Further, the step (3) includes:
(31) Algebraic Equation set obtained in step (22) is subjected to an equation conversion, obtains following formula:
(32) equation in step (31) can be considered as f (x)=0, whereinFor as corresponding to each free degree just
The column vector of m-cosine composition, it is possible thereby to which the equation in step (31) is configured into Newton Iterations:
Wherein, it represents iterations, and operation efficiency is integrated during iterative and computational accuracy selects suitable iteration time
Number, i.e. it values.
Further, the step (4) includes:
(41) test value and the difference of harmonic wave equilibrium method calculated value for the dynamic respond that residual error item is structure are defined:
R (p)=xe(ω)-xa(ω,p)
Wherein, p represents hinge nonlinear parameter to be identified, xeAnd xaTest value and the calculating of dynamic respond are represented respectively
Value, in experiment, the analytical expression of amplitude frequency curve can not be obtained, but the discrete data point represented with resolution ratio, it is assumed that
The Frequency point that experiment is chosen is ω1,ω2,...,ωn, and according to least square method principle, the frequency response data to calculate gained
Can best fit result of the test, objective function is:
(42) GA genetic algorithms are utilized, global search are carried out to nonlinear parameter, until identifying optimal non-linear ginseng
Numerical value paSo that object function R (p) minimalizations, then paFor the exact value of nonlinear parameter.
Beneficial effect:Compared with prior art, the recognition methods of the invention containing hinged structure nonlinear parameter, can be accurate
Nonlinear parameter value of the identification containing hinged structure, because genetic algorithm has the advantage of global optimizing, overcome conventional method need
Experience initial value is provided and the limitation of local optimum can only be ensured.
Brief description of the drawings
Fig. 1 is to contain hinged structure nonlinear parameter identification process figure based on genetic algorithm;
Fig. 2 is backlash nonlinearity model schematic;
Fig. 3 is Nonlinear Cubic model schematic;
Fig. 4 is piecewise linear model schematic diagram;
Fig. 5 is hinge girder construction kinetic model schematic diagram;
Fig. 6 is nonlinear parameter value n iteration situation schematic diagrams;
Fig. 7 is the model and test structure amplitude frequency curve figure after identification.
Embodiment
Technical solution of the present invention is described in detail below in conjunction with the accompanying drawings.
As shown in figure 1, a kind of of the present invention contains hinged structure nonlinear parameter recognition methods, the present invention based on genetic algorithm
Illustrated exemplified by cutting with scissors girder construction, wherein, beam section is circle, and diameter D is 0.02m, every beam length leFor 1m, total length
L is 2m, and material is aluminium, elastic modulus E 70Gpa, density p 2700kg/m3, it is proportional damping to make the damping in girder construction,
Mass matrix damped coefficient CMFor 0.0001, stiffness matrix damped coefficient CKFor 0.0001, generalized displacement corresponding to hinge is rotates
The free degree, the influence of different nonlinear parameters and amplitude of exciting force to structure amplitude versus frequency characte is studied for convenience, makes hinge stiffness
Coefficient kcs=nEI/le, exciting force amplitude Fc=0.5EI/L2。
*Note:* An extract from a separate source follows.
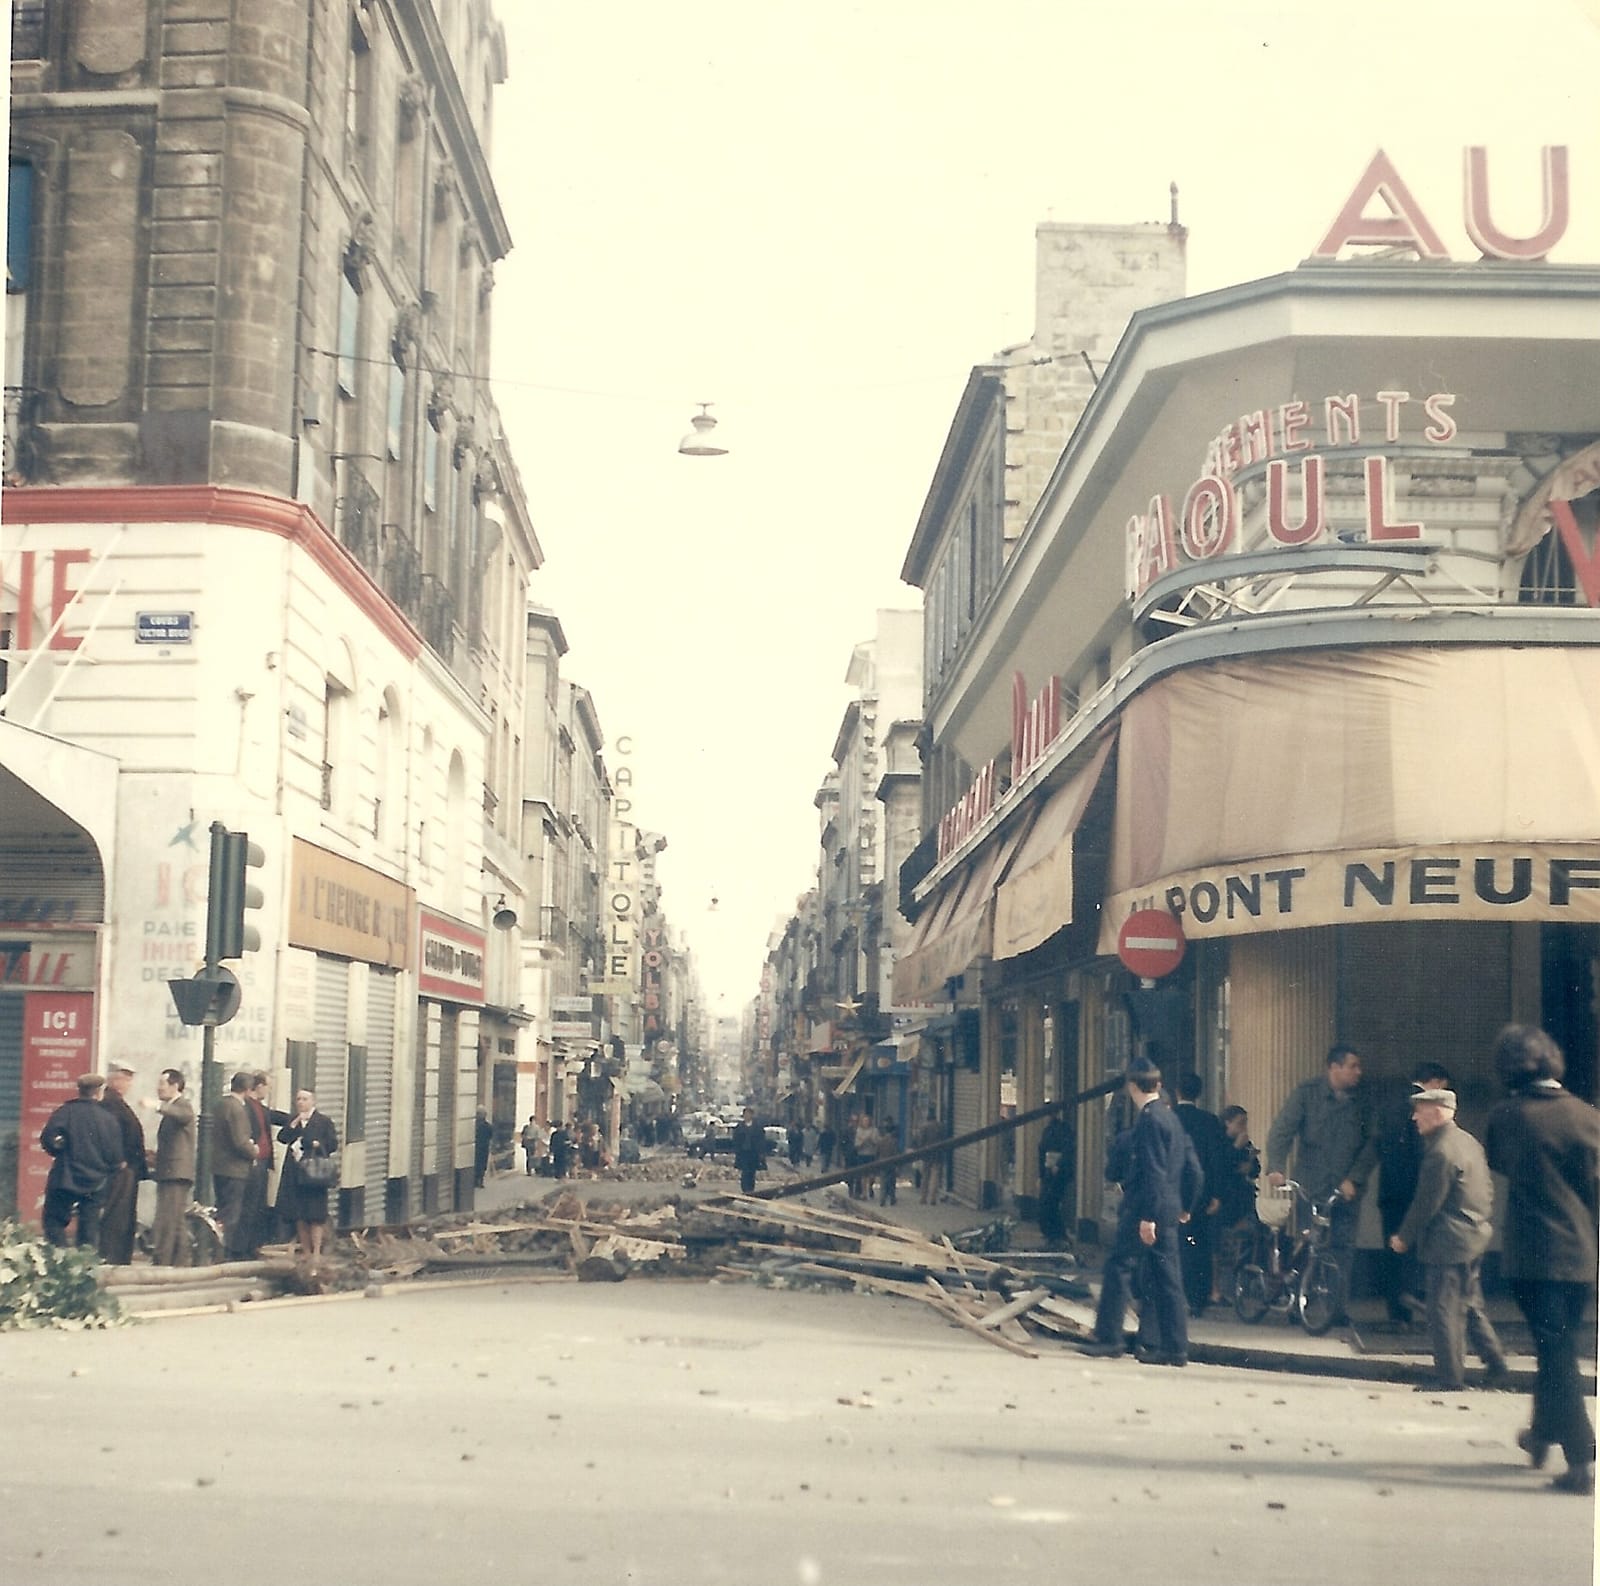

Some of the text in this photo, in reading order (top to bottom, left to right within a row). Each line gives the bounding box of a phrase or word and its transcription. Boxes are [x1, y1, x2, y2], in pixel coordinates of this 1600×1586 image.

This method comprises the following steps:
Step 1:It is assumed that a kind of nonlinear model describes the nonlinear characteristic containing hinge in hinged structure, hinge arrangement is established
Kinetic model, and finally give M, K, C equation containing hinged structure.Wherein it is determined that hinge girder construction kinetics equation include with
Lower step:
Step 1.1:Select suitable nonlinear model according to actual conditions describe containing in hinged structure hinge it is non-linear
Characteristic, usually, according to hinge nonlinear restoring force and hinge member relative displacement xjRelation, can have three kinds of nonlinear models
Type describes the nonlinear characteristic of hinge;Backlash nonlinearity model, Nonlinear Cubic model or piecewise linear model, wherein relatively
Displacement xjRefer to the displacement difference of the hinge both sides free degree.
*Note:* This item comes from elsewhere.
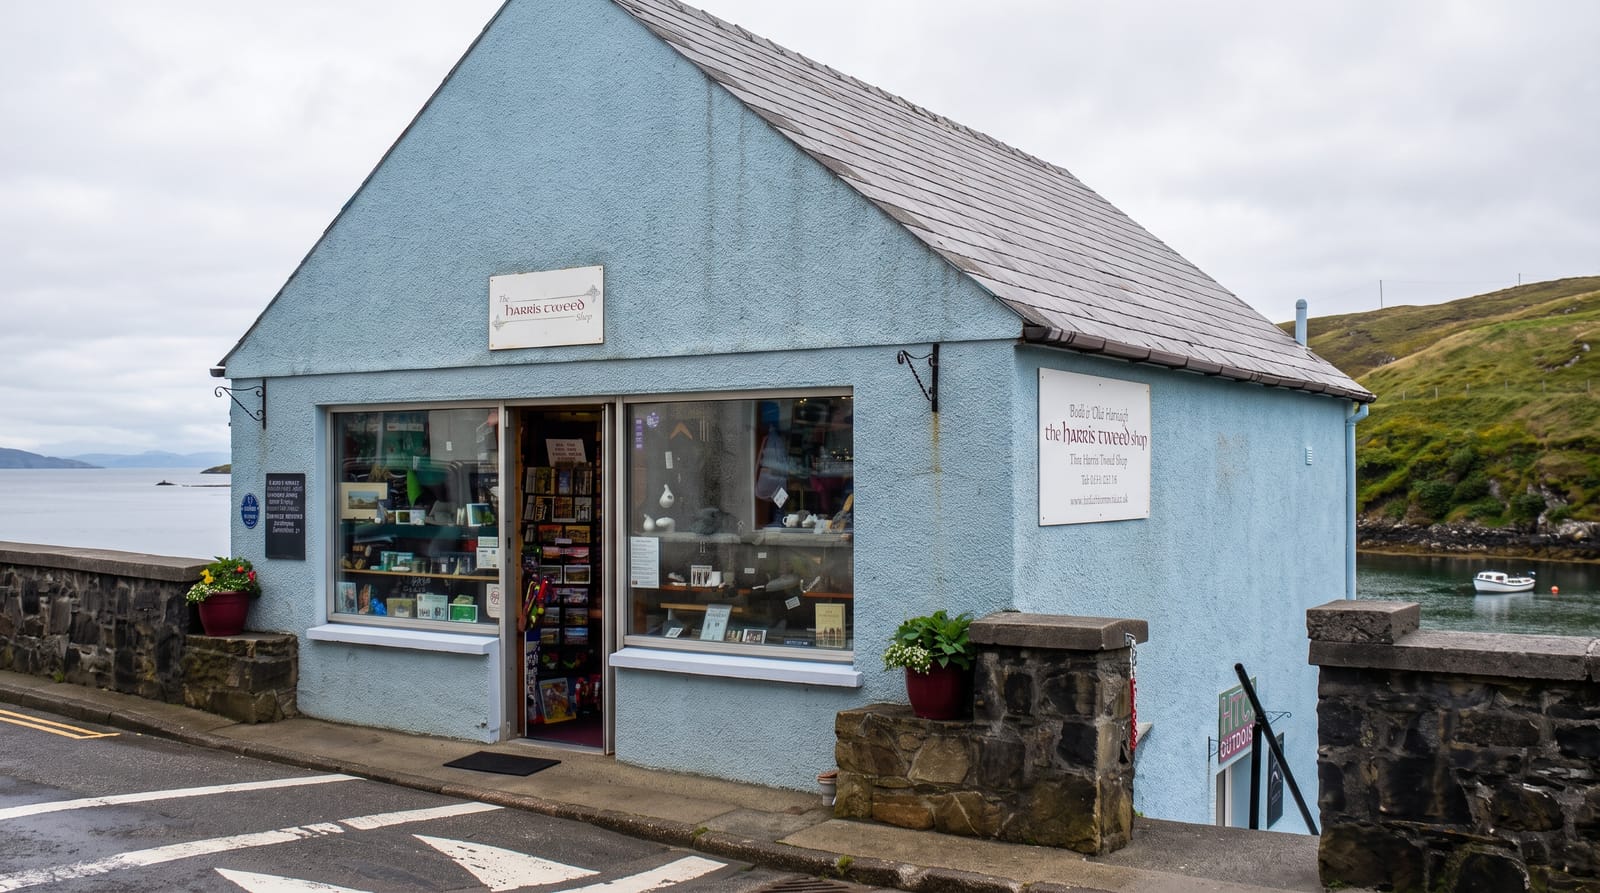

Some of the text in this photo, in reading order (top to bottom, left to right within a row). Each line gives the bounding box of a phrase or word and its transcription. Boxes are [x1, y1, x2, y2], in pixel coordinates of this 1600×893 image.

[499, 294, 510, 303] The
[576, 311, 593, 323] Shop
[1045, 423, 1061, 442] the
[1131, 430, 1148, 451] shop
(1) backlash nonlinearity model:Due to gap be present in hinge, rigidity is not present when being not yet in contact, it is non-thread
Property restoring force and displacement show as free movement characteristic, as shown in Fig. 2 then the nonlinear restoring force expression formula of hinge is:
Wherein, f is nonlinear restoring force, xjFor relative displacement, δ is the gap of hinge, and k is that the linear contact of hinge is firm
Degree.
(2) Nonlinear Cubic model:The hinge nonlinear restoring force as caused by nonlinear contact has odd function characteristic, and
There is hard spring characteristic, therefore the power displacement relation of hinge is described using Nonlinear Cubic model, as shown in figure 3, then expression formula
For:
Wherein, f is nonlinear restoring force, xjFor relative displacement, kcsFor stiffness coefficient.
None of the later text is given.